*Task instructions*: Copy each record below exactly, please, and leave its pictures out.
Supplied records Start Marker
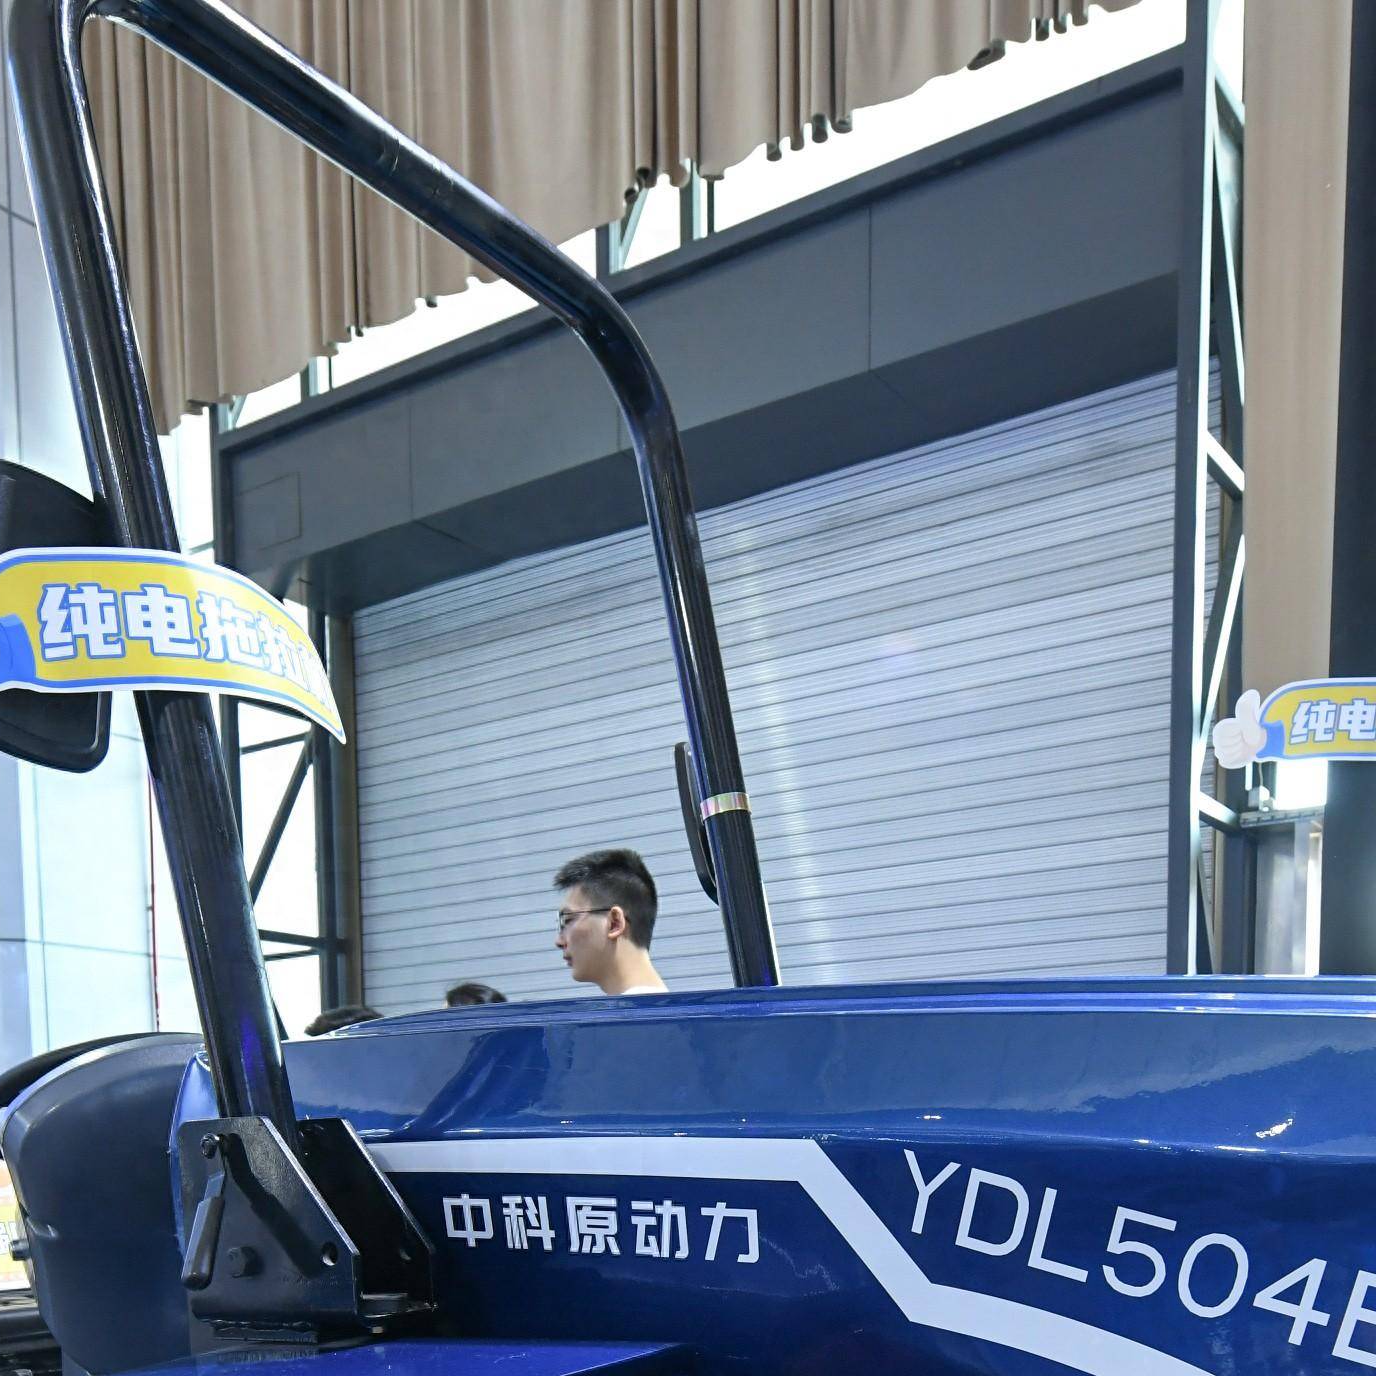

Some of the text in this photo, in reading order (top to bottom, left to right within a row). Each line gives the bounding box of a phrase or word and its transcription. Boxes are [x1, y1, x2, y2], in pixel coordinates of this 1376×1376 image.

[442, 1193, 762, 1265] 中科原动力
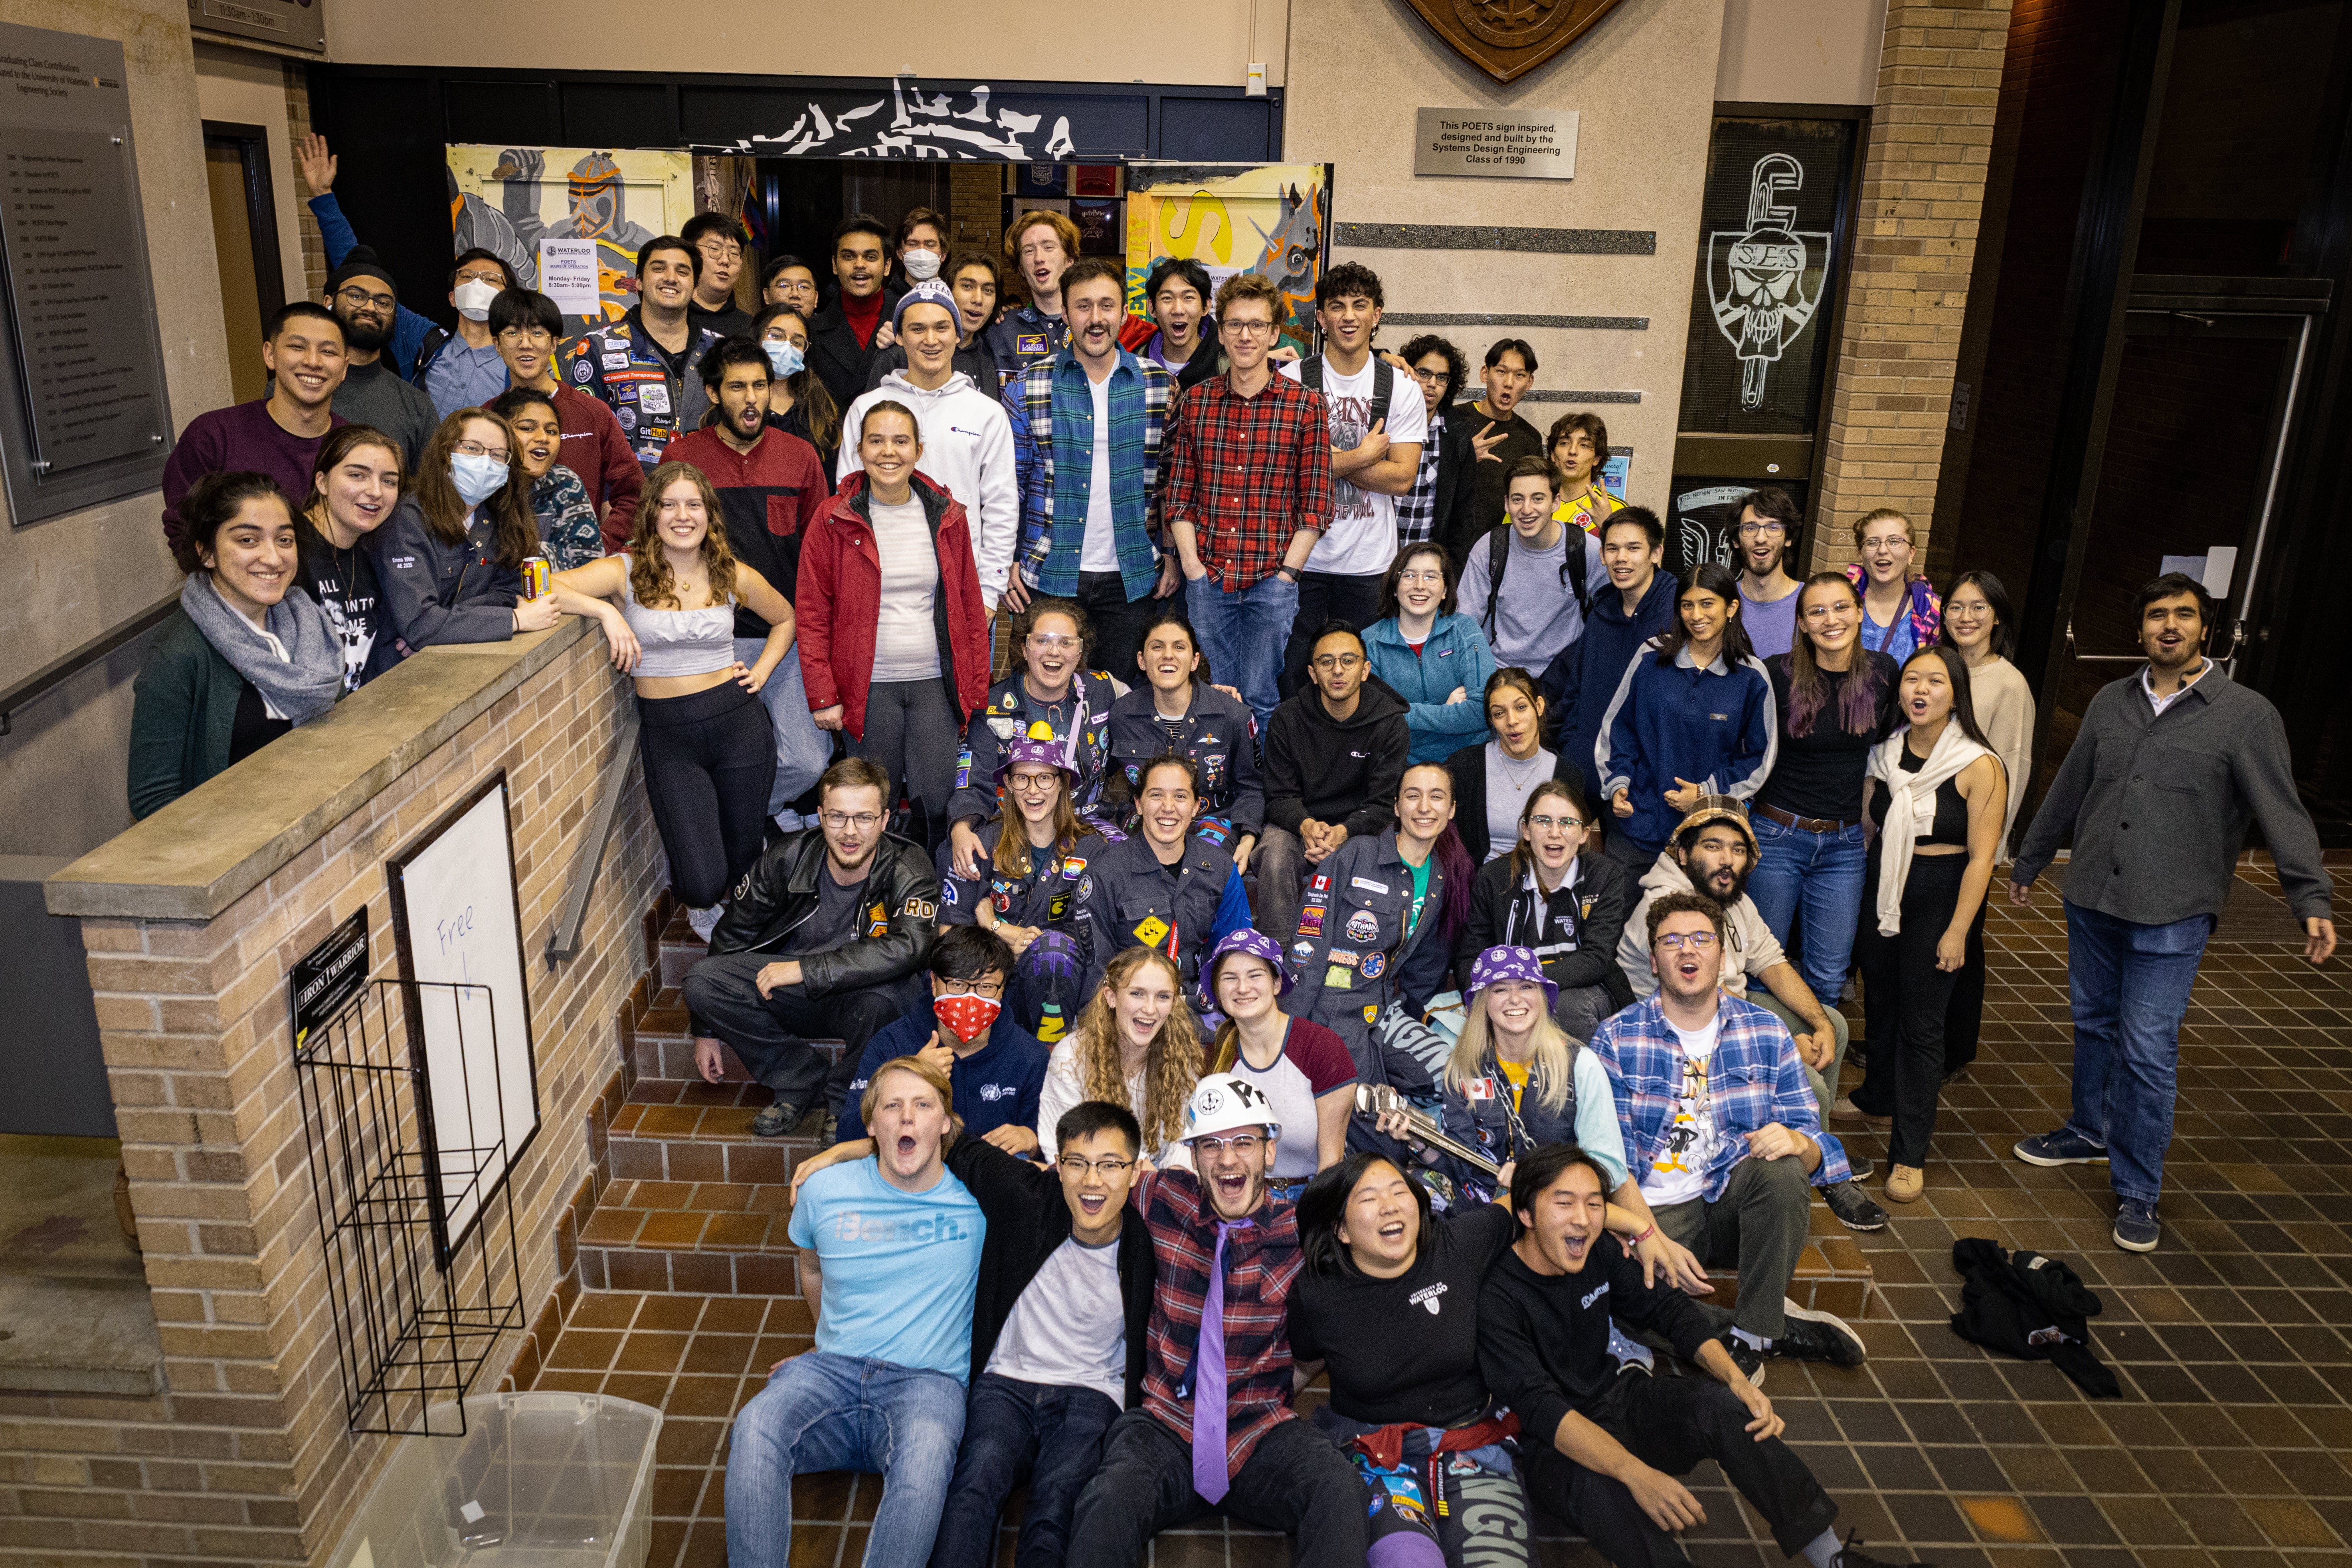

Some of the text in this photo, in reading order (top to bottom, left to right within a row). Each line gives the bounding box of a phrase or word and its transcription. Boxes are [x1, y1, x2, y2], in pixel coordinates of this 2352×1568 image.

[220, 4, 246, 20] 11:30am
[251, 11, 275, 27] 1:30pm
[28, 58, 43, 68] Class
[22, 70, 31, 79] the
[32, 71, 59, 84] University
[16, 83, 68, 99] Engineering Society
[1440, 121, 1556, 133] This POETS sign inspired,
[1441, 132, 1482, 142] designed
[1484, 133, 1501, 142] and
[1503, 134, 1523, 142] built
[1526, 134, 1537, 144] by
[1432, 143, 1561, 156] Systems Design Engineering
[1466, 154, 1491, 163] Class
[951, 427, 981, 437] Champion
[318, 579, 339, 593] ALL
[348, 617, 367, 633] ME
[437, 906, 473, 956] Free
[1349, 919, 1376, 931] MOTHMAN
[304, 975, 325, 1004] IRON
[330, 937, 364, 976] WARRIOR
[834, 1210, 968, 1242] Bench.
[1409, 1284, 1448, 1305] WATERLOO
Supplied records End Marker
*Solved exercise*:
Some of the text in this photo, in reading order (top to bottom, left to right within a row). Each line gives the bounding box of a phrase or word and its transcription. Boxes are [x1, y1, x2, y2], in pixel coordinates of this 1376×1376 image.

[442, 1193, 762, 1265] 中科原动力

Some of the text in this photo, in reading order (top to bottom, left to right within a row). Each line gives the bounding box of a phrase or word and its transcription. Boxes are [x1, y1, x2, y2], in pixel coordinates of this 2352×1568 image.

[220, 4, 246, 20] 11:30am
[251, 11, 275, 27] 1:30pm
[28, 58, 43, 68] Class
[22, 70, 31, 79] the
[32, 71, 59, 84] University
[16, 83, 68, 99] Engineering Society
[1440, 121, 1556, 133] This POETS sign inspired,
[1441, 132, 1482, 142] designed
[1484, 133, 1501, 142] and
[1503, 134, 1523, 142] built
[1526, 134, 1537, 144] by
[1432, 143, 1561, 156] Systems Design Engineering
[1466, 154, 1491, 163] Class
[951, 427, 981, 437] Champion
[318, 579, 339, 593] ALL
[348, 617, 367, 633] ME
[437, 906, 473, 956] Free
[1349, 919, 1376, 931] MOTHMAN
[304, 975, 325, 1004] IRON
[330, 937, 364, 976] WARRIOR
[834, 1210, 968, 1242] Bench.
[1409, 1284, 1448, 1305] WATERLOO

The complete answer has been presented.